Even with all the careful work that goes into selecting trials, there still seem to be some lingering myths. One is that trials are only a last option; another is that there is a chance a patient could receive a “sugar pill” instead of a real treatment – neither of which is true.
While some trials test brand-new treatments, others study ways to make current treatments work better, or focus on reducing over-treatment by shortening the course of care or replacing older therapies that have long-term risks. Many trials are offered as the first cancer treatment to help avoid surgery or prevent recurrence, and some focus on preventing cancer or reducing side effects.
Cancer clinical trials rarely use placebos alone. If a placebo is used, it is always given alongside the best standard treatment—never in place of it.
Clinical trials are built on a scientific foundation with the best ethical principles behind them, and they follow strict rules to keep patients as safe as possible.
A group called an Institutional Review Board (IRB) checks every study to make sure it is ethical and safe. Additionally, a group of scientists reviews the trial to ensure it is based on sound scientific evidence.
Expanding access
In my role as director of clinical research at Mission Cancer + Blood, part of University of Iowa Health Care, I am passionate about spearheading and conducting clinical trials.
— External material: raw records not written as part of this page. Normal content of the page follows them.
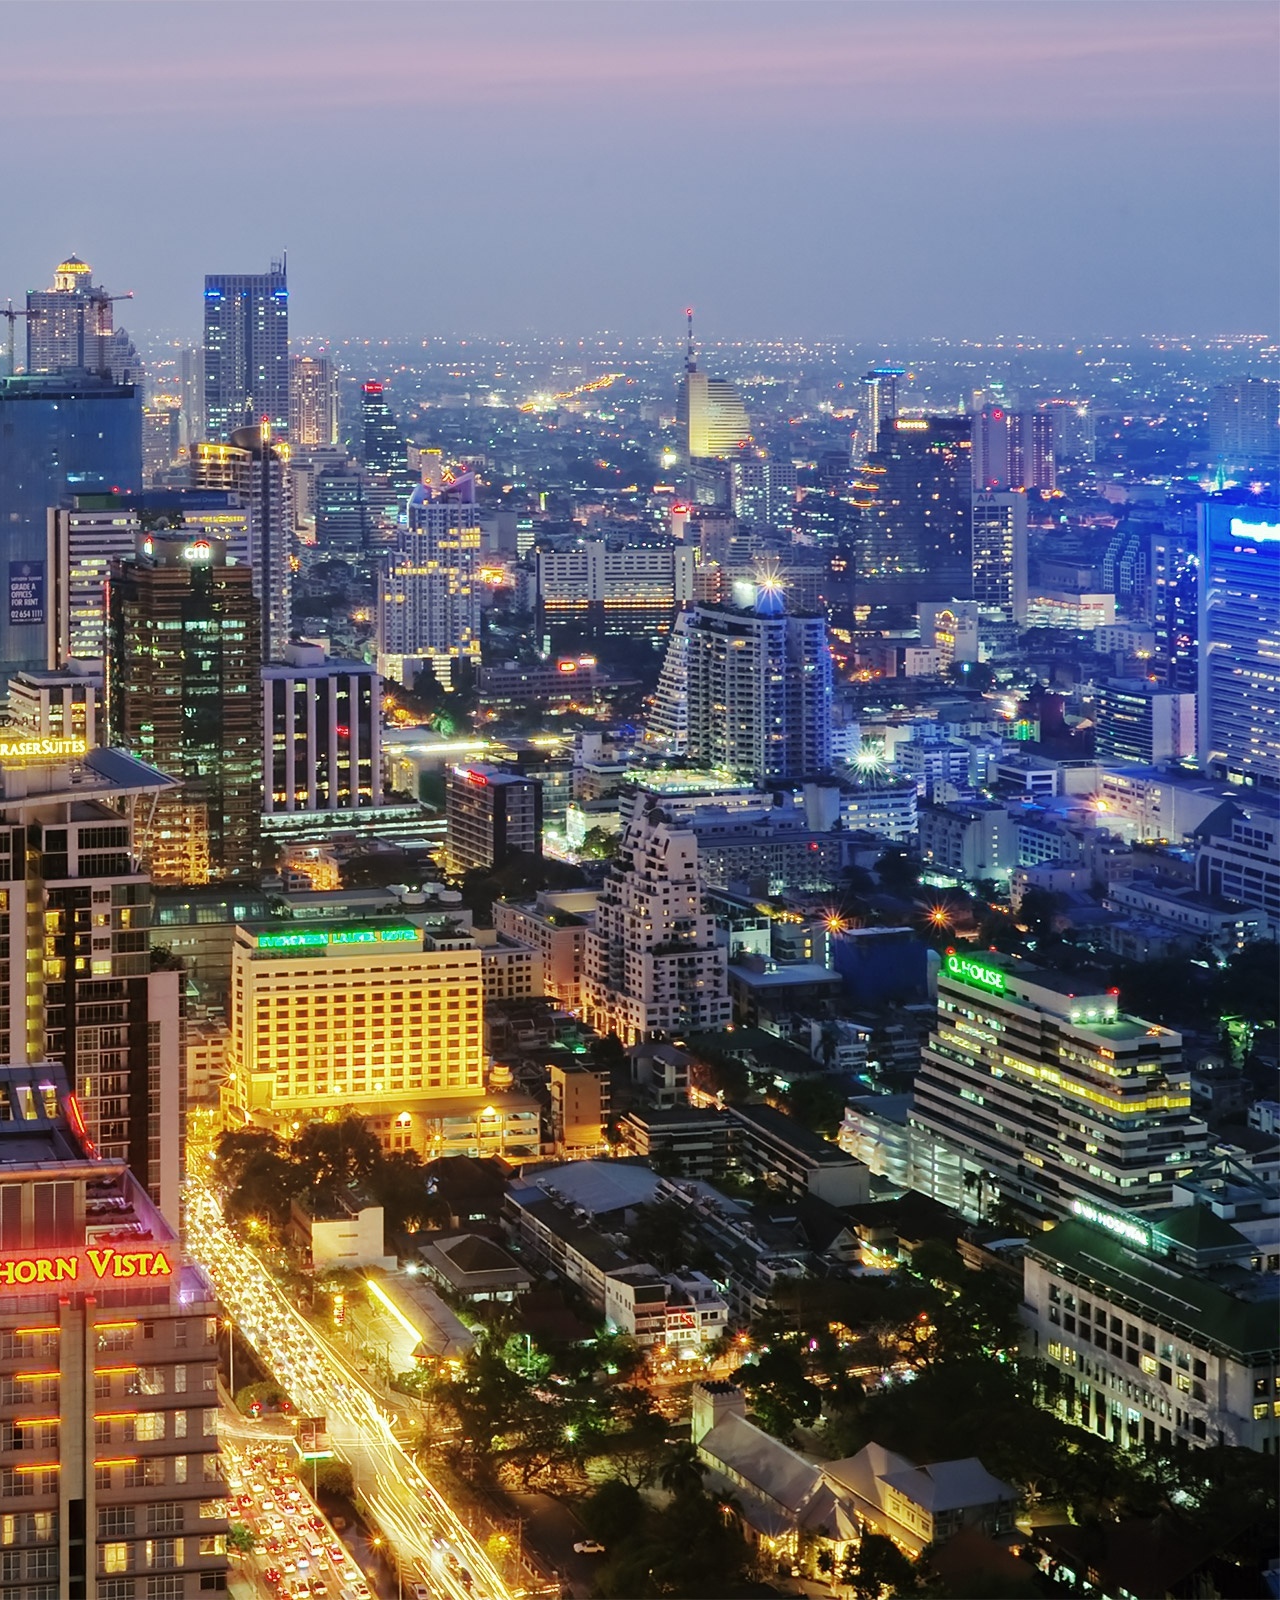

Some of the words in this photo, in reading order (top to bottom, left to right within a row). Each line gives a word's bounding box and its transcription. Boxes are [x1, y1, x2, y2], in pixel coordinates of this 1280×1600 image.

[977, 494, 996, 502] AIA
[184, 542, 210, 559] citi
[11, 583, 30, 591] GRADE
[11, 591, 33, 599] OFFICES
[24, 598, 38, 606] RENT
[11, 610, 19, 618] 02
[19, 610, 31, 618] 654
[32, 609, 43, 617] 1111
[380, 929, 418, 941] HOTEL
[86, 1249, 172, 1278] VISTA
I’m a strong advocate for patients to participate if they are eligible and for developing pathways to expand trials as broadly as possible to enroll and make these cutting-edge treatments available to more patients, especially patients in rural areas.
Last year, when Mission and UI Health Care joined forces, we immediately began working on ways to offer joint clinical trials to our patients.
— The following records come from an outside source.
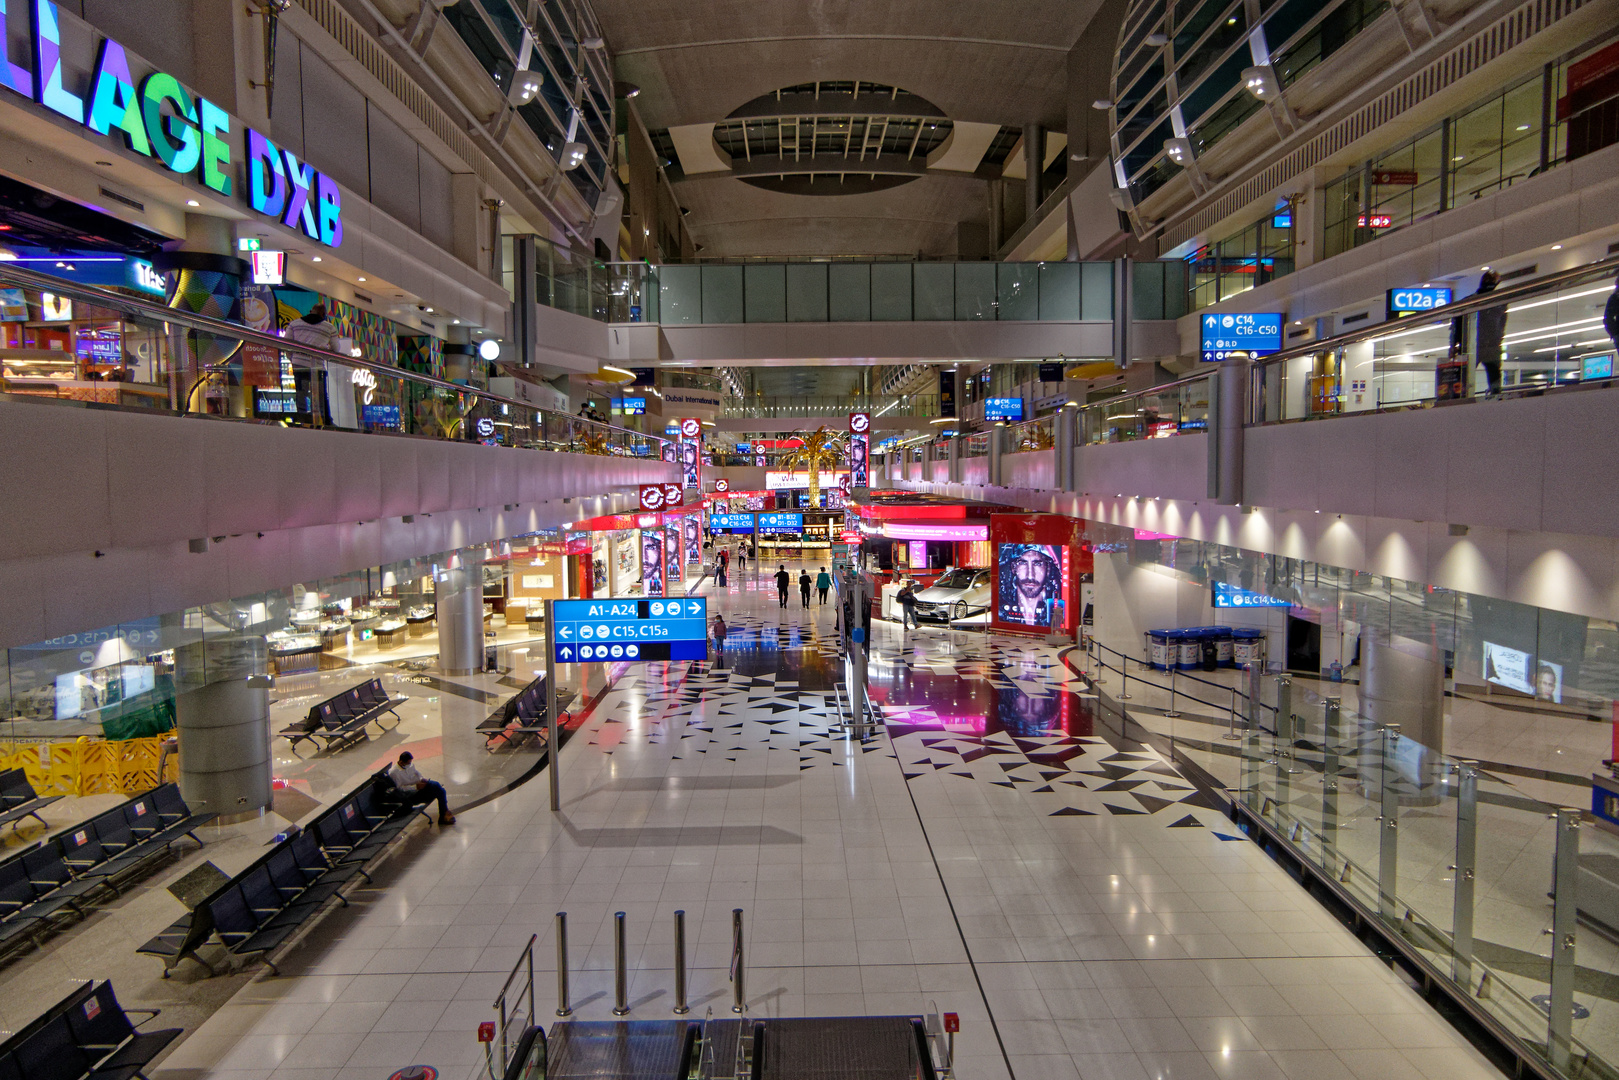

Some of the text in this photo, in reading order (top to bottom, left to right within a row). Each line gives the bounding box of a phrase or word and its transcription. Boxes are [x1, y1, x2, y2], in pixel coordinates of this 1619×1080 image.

[245, 127, 343, 248] DXB
[1394, 292, 1432, 308] C12a
[1235, 315, 1256, 325] C14,
[665, 394, 684, 402] Dubai
[685, 396, 713, 405] International
[1003, 604, 1042, 614] OCEAN
[639, 625, 668, 636] C15a
Both of our organizations already had strong trials programs, but now, fueled by a shared passion for and dedication to advancing cancer care and developing the latest drugs, treatments, and therapies, together we plan to continue to increase the number of trials that are available to patients across Iowa.
Offering trials at multiple locations not only provides more options to more patients closer to home, it enhances the research by providing access to a broader pool of more representative participants. This is important because it helps make sure results apply to all patients, including, for example, both rural and urban patients with cancer, despite different access to care.